The Ghrelin Cell in the DES.
Ghrelin immuno-reactivity was described in distinct cells of the gastrointestinal tract, pancreas, pituitary, lung, and thyroid. In the gastrointestinal tract of rodents and humans, ghrelin cells were described with decreasing frequency in the antrum and upper intestine, whereas no (human) or rare (rat) ghrelin cells were observed in the large intestine (2, 18, 19, 27, 28). Interestingly, although in the oxyntic mucosa ghrelin cells consistently show no connection with the lumen (so-called closed-type endocrine cell), in other parts of the gut they also display a bottle shape, with evident connection toward the lumen (so-called open type) (28). This finding indicates that luminal regulatory stimuli may act on open-type ghrelin cells and suggest a potentially distinct physiological role.

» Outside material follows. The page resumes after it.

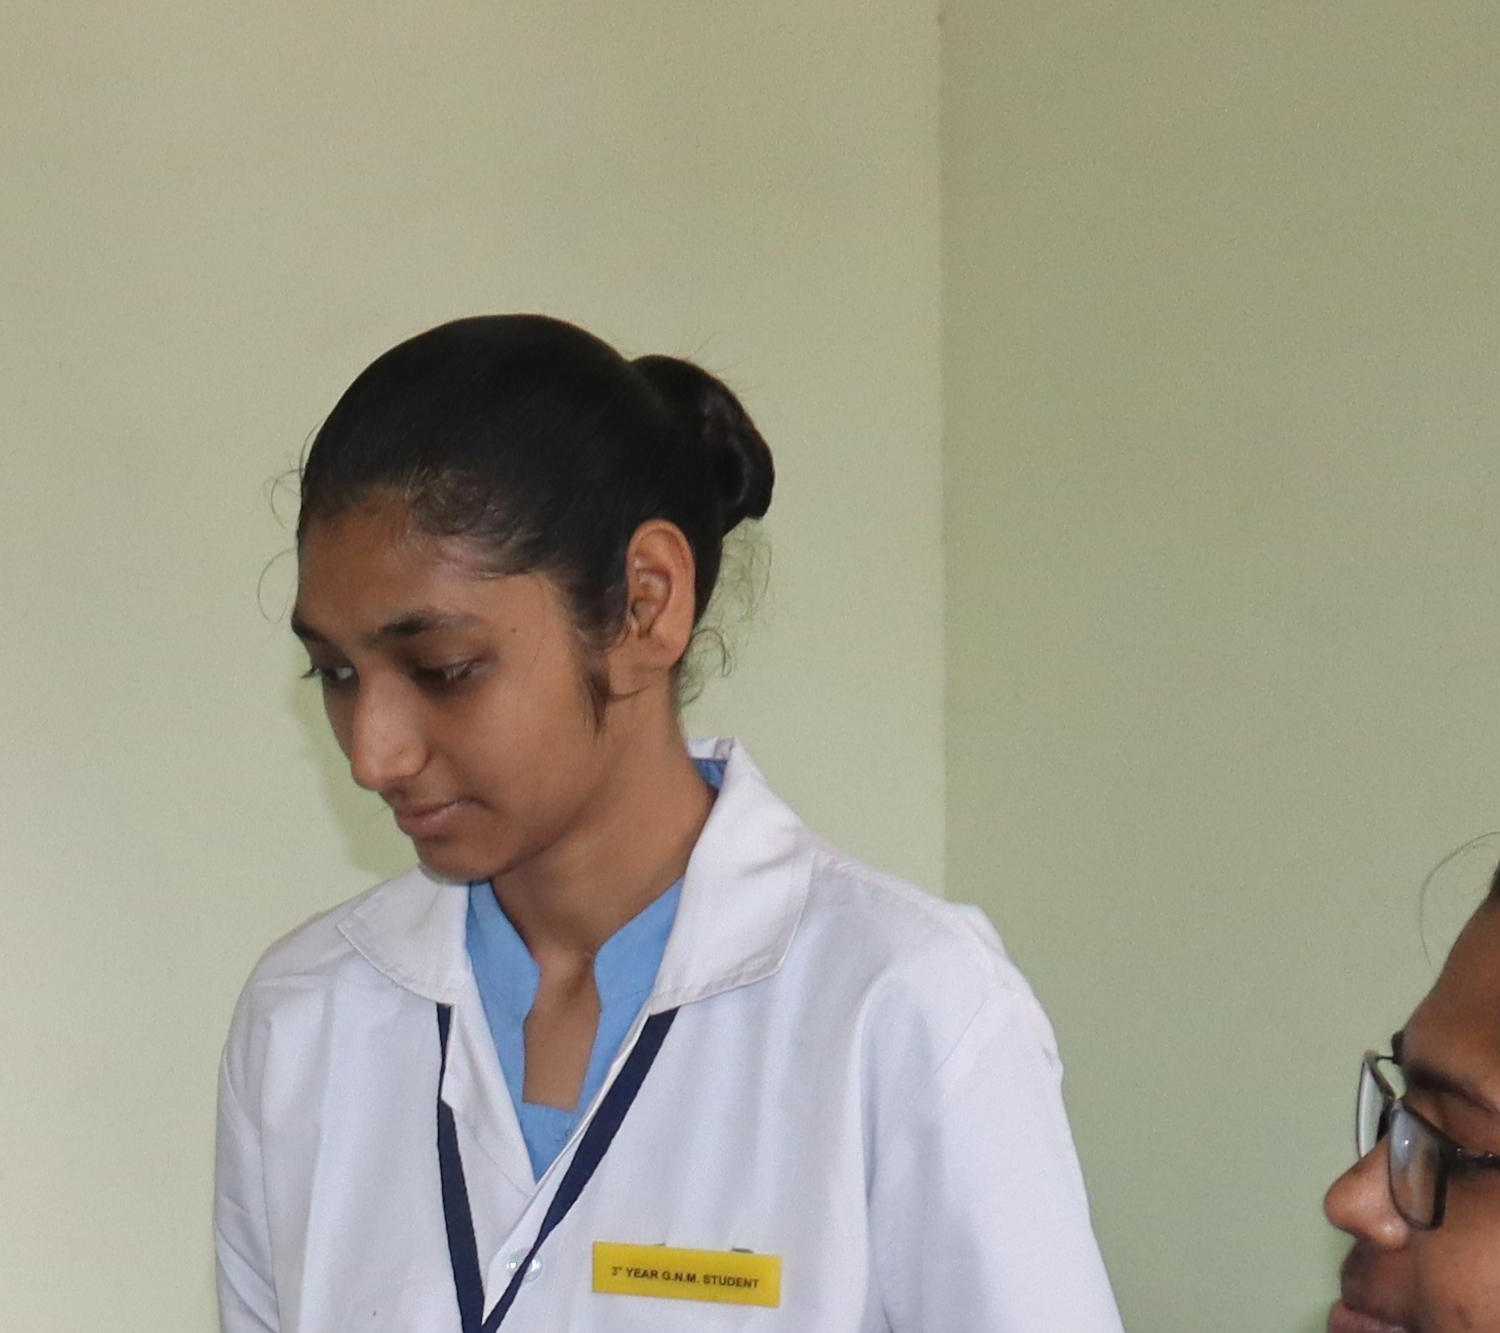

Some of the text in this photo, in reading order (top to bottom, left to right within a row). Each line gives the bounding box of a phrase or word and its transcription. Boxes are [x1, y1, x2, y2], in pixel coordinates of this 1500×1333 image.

Controversial results were reported in the pancreas. In humans, ghrelin expression was variably observed in insulin B cells (29) or glucagon A cells as in rats (30). On our side, we were unable to detect significant ghrelin cells in adult human islets, although ghrelin cells were frequently observed during fetal life (19). Interestingly, some authors have proposed that in the rat fetus, in contrast to the adult, the pancreas and not the stomach is a major source of immunoreactive ghrelin (31). Others confirmed our developmental data in humans and identified ghrelin immunoreactivity and mRNA in rare cells void of any known insular hormone but developmentally related to A cells observed in adult samples of both humans and rat (32, 33). Independent from the cell type, ghrelin expression in adult pancreatic islets is restricted to a minority of cells if any, suggesting a relatively modest role for ghrelin in islet physiology.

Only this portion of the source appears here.